Work instructions:
In the copy, leave out the pictures and repeat all records exactly.

+===+

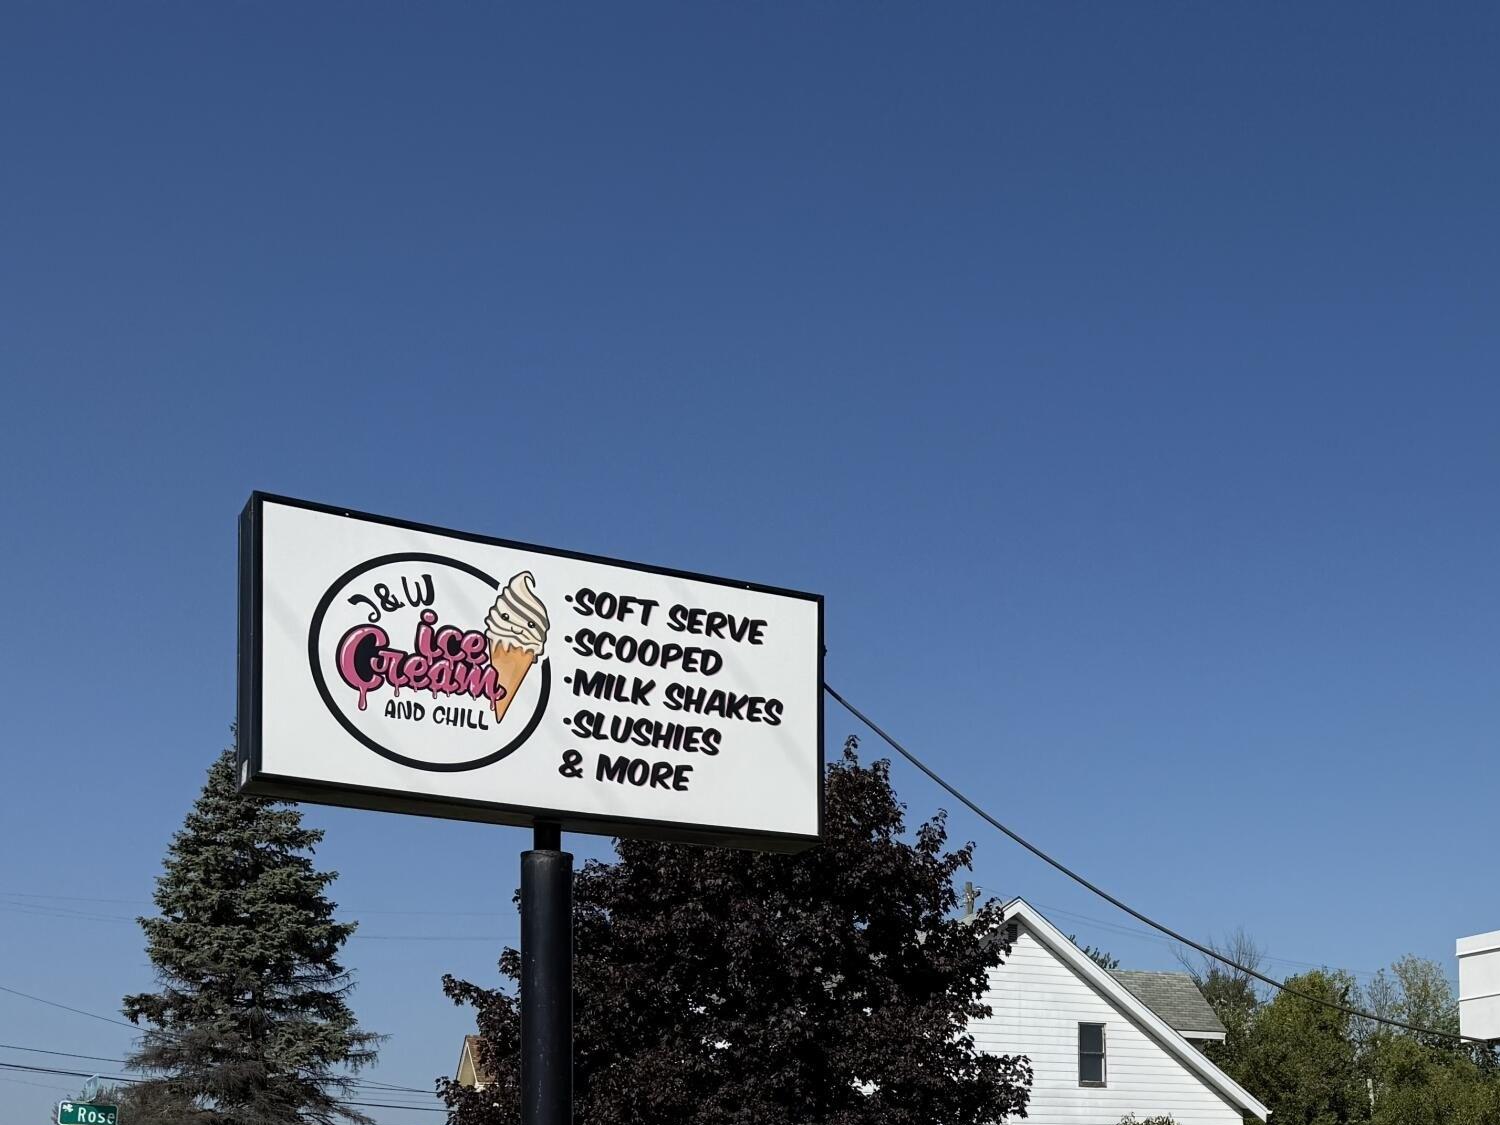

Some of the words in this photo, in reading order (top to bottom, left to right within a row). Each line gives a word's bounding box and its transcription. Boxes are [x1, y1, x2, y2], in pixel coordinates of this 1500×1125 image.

[347, 574, 435, 623] J&W
[414, 608, 489, 664] ice
[667, 604, 768, 645] SERVE
[336, 624, 507, 706] Cream
[384, 699, 425, 721] AND
[433, 706, 488, 730] CHILL
[663, 682, 784, 726] SHAKES
[558, 749, 583, 779] &
[595, 753, 694, 791] MORE
[77, 1106, 115, 1124] Rose
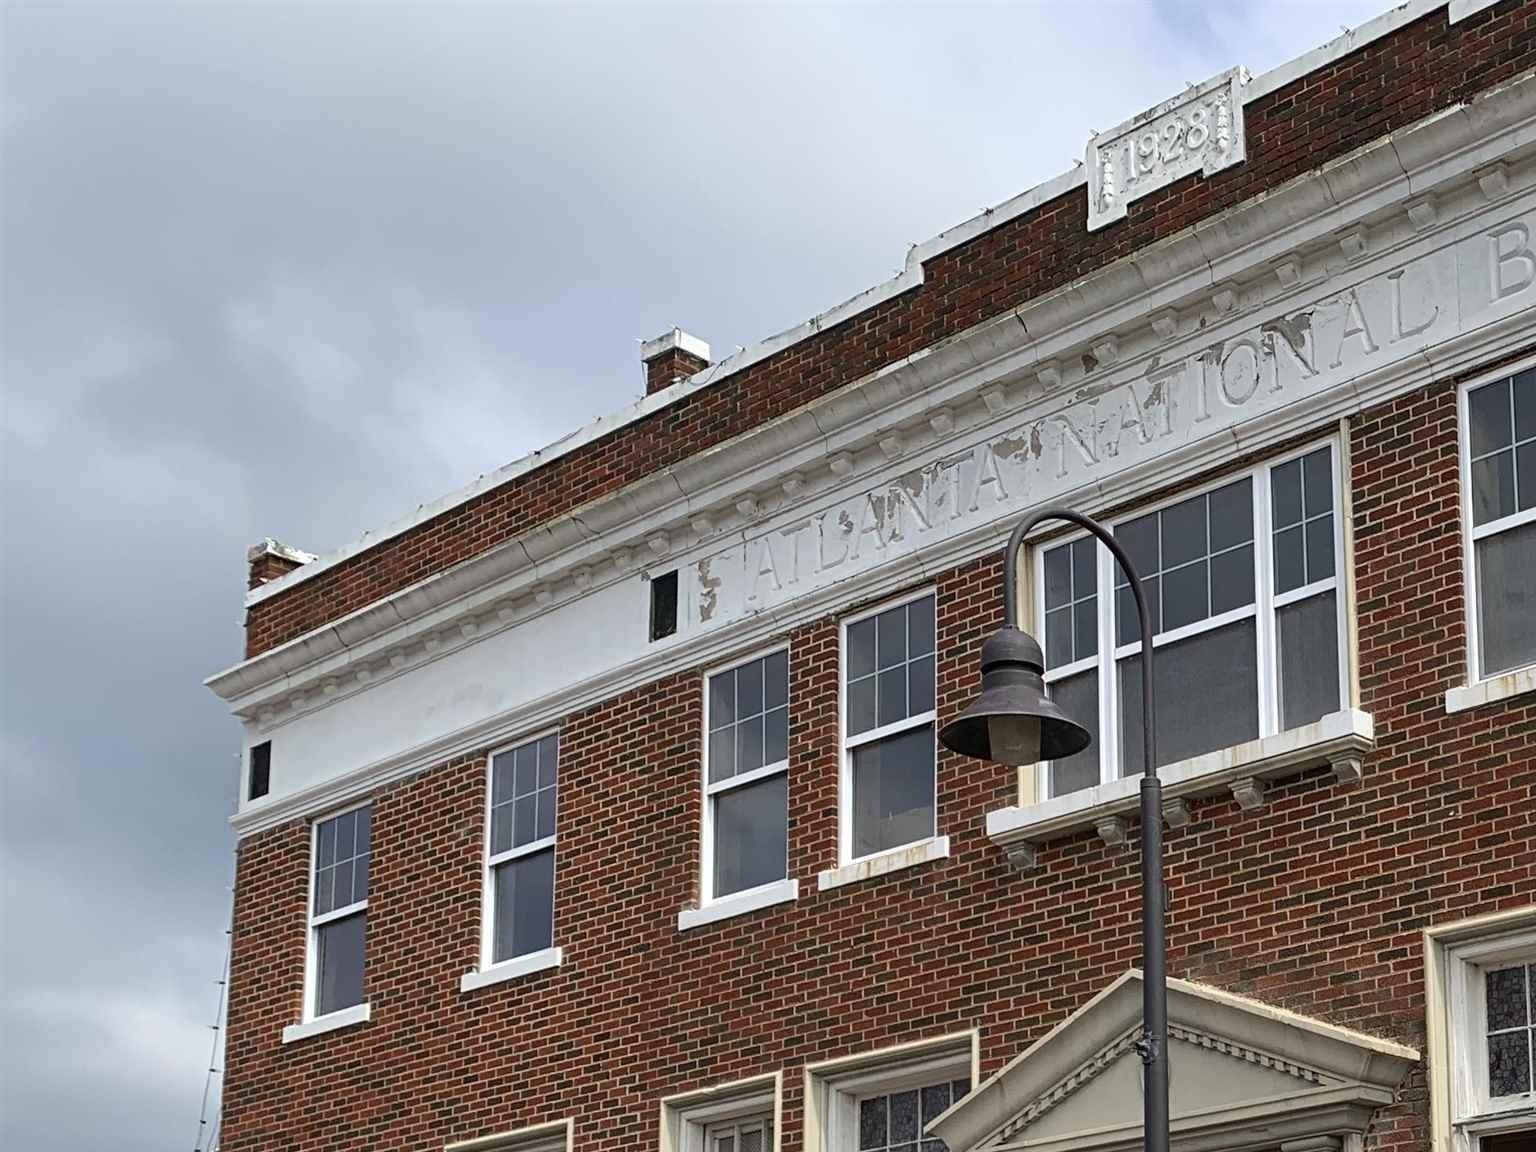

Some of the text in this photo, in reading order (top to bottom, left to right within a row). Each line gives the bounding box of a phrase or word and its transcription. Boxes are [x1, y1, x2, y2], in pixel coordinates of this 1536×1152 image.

+===+

Solved problem:
Some of the words in this photo, in reading order (top to bottom, left to right within a row). Each line gives a word's bounding box and its transcription. Boxes are [x1, y1, x2, y2], in pixel coordinates of this 1500×1125 image.

[347, 574, 435, 623] J&W
[414, 608, 489, 664] ice
[667, 604, 768, 645] SERVE
[336, 624, 507, 706] Cream
[384, 699, 425, 721] AND
[433, 706, 488, 730] CHILL
[663, 682, 784, 726] SHAKES
[558, 749, 583, 779] &
[595, 753, 694, 791] MORE
[77, 1106, 115, 1124] Rose

Some of the text in this photo, in reading order (top to bottom, left to right within a row). Each line gives the bounding box of a phrase or word and its transcription. Boxes are [x1, y1, x2, y2], in pixel coordinates of this 1536×1152 image.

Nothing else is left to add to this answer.